12 thoughts on “Pick and Choose”
What a great post! I needed to read your thoughts on prayers – I have many of the same struggles! Thanks so much for visiting my blog over yonder 🙂 I love discovering new blog communities – have a wonderful day!
Thank you! You, too! 🙂
I completely understand what you mean and have struggled with similar questions. I wrote a post about it once as well (I think it's called When I Pray For You, if you want to read it). I have come to understand that praying for other people is for my sake as much as theirs. It keeps me from being selfish, it reminds me of my need for grace, it turns my heart outward and reminds me I'm not the center of the universe. We won't understand this side of heaven how God chooses to answer prayer but we know we are called to pray. I love your honesty.
I very much agree with you.

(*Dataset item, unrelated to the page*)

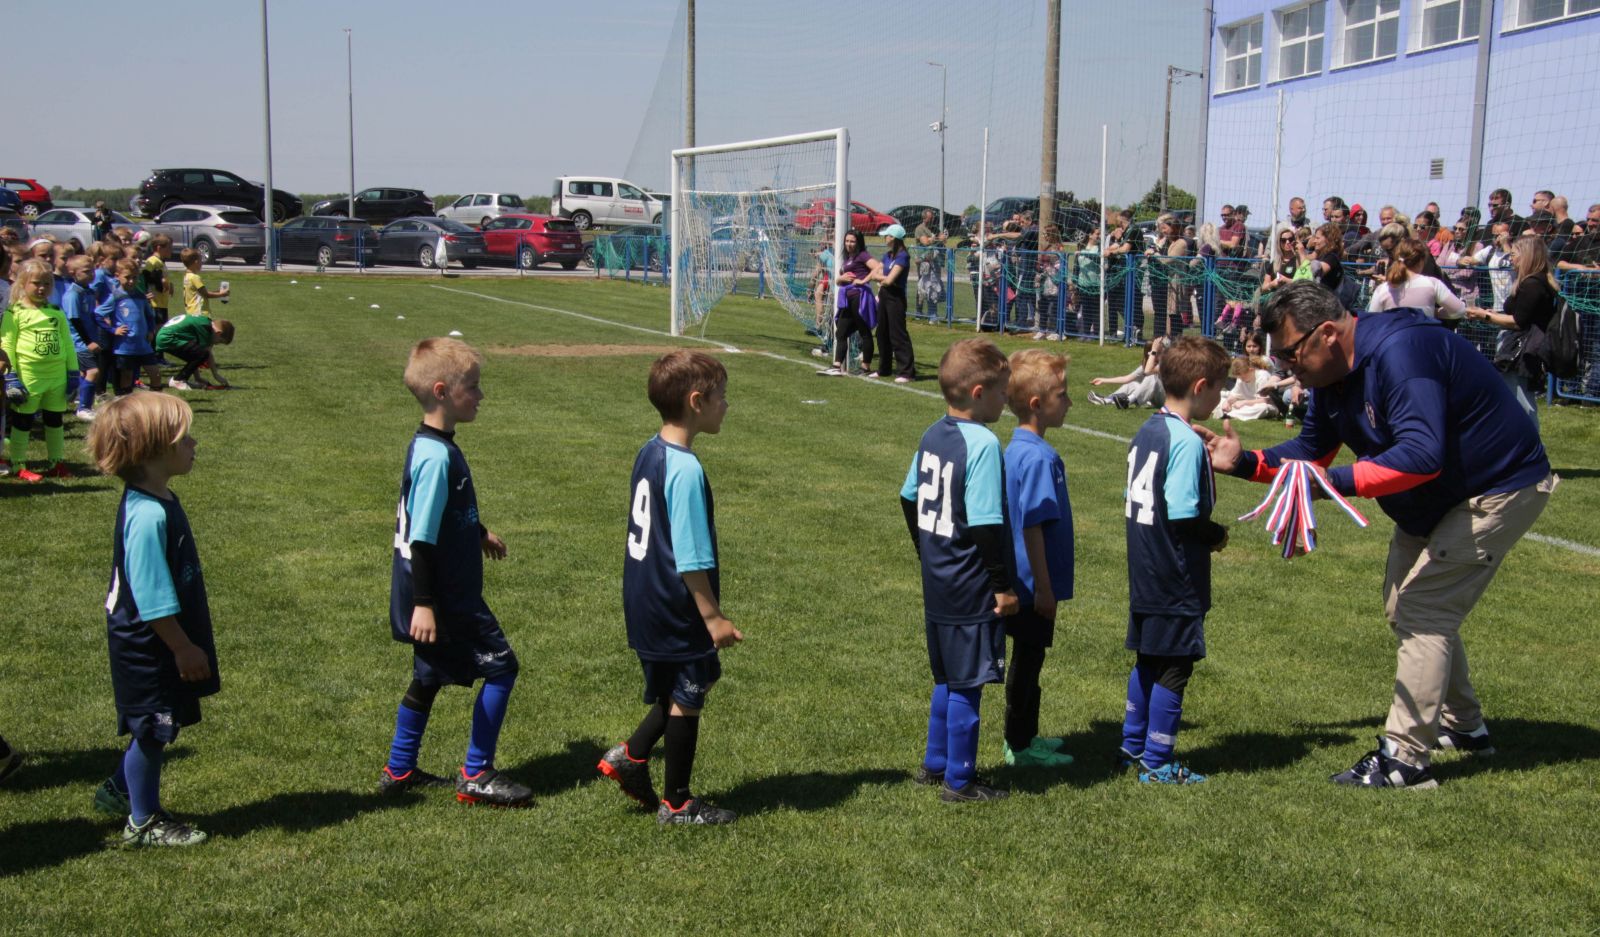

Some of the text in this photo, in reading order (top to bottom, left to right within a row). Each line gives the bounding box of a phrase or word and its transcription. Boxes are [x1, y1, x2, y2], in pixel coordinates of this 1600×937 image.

[627, 478, 650, 561] 9
[917, 450, 955, 538] 21
[1125, 445, 1158, 526] 14
[467, 782, 494, 795] FILA

I read Cold Sassy Tree when I was in high school, and I remember one of the main characters saying more or less that prayer doesn't change God; it changes him. I know that prayer is powerful–even though I don't actually 'get it'–but I can't deny that God created prayer for my benefit, as well.
My daughter. Your heart is tender, your love for the Lord and your faith is so obvious. I think many of us feel as you do, for example, saying "If it be your will.." so all basis are covered in the event your prayer is not answered the way you want it. We need to have faith in our doctors and the medicine they prescribe because God gave them the wisdom to help heal and mend and prescribe. No one has the answers as to why God may seem to answer some prayers and not others. However, if our Father answered all prayers, perhaps I'm exaggerating but there would be no sicklness or famine, poverty, etc, much of what was caused by choices made through our free will. It would be a perfect world, just as if Adam and Eve didn't commit the original sin. I'm rambling but understand your feelings.
Your definitely right–suffering and sickness are a result of 'the fall' and sin, and they remind us that this is not our home. But at the same time, God IS powerful and can do miracles; I want to have faith like a child to always believe that fact.
This faith walk is a journey, isn't it? A process. Yes. I pick and choose. I doubt. I believe. I have faith. I throw in the towel. And always – without fail – God loves me, and THAT amazes me. I am so fickle, and He remains faithful.
Faith is an interesting paradox for me; I'm supposed to have faith like a child, and faith for children is easy. Yet having that child-like faith as an adult can be so difficult!
Thank you for picking and choosing to pray for me today. I feel your struggle in this post. Why do we saddle ourselves with the extra pressues of shoulds and oughts? I'm glad I came by for this.
Thanks, Dawn. I'm glad you stopped by, as well!
Oh dear Jennifer – you have wrestled well with these hard questions. And you have come down in the right place – a place of openness to all the possibilities in the Providence of God AND a recognition that there are lots of different ways that people can be healed. Medicine is a gift of God and if used by a caring and knowledgable practitioner, a means to healing for many. There are instances of supernatural healing – I believe that and have even seen a few here and there. But more often than not, at least in this western world in which we live, healing comes through God's gift of medicine. Also, being led to pray for someone is no guarantee that healing will happen in the way we might wish. The longer I live, the more I experience prayer as a quiet, faithful activity, more about listening, about lifting names and faces into God's presence and releasing them there, trusting that God will do what is the right and good thing to do. And God will regularly bring to mind those for whom we might pray – our role is to cultivate openness and to offer space and time for listening. Thanks for this good wrestling. And thanks for your kind comment on my blog this morning – I appreciate it more than you know.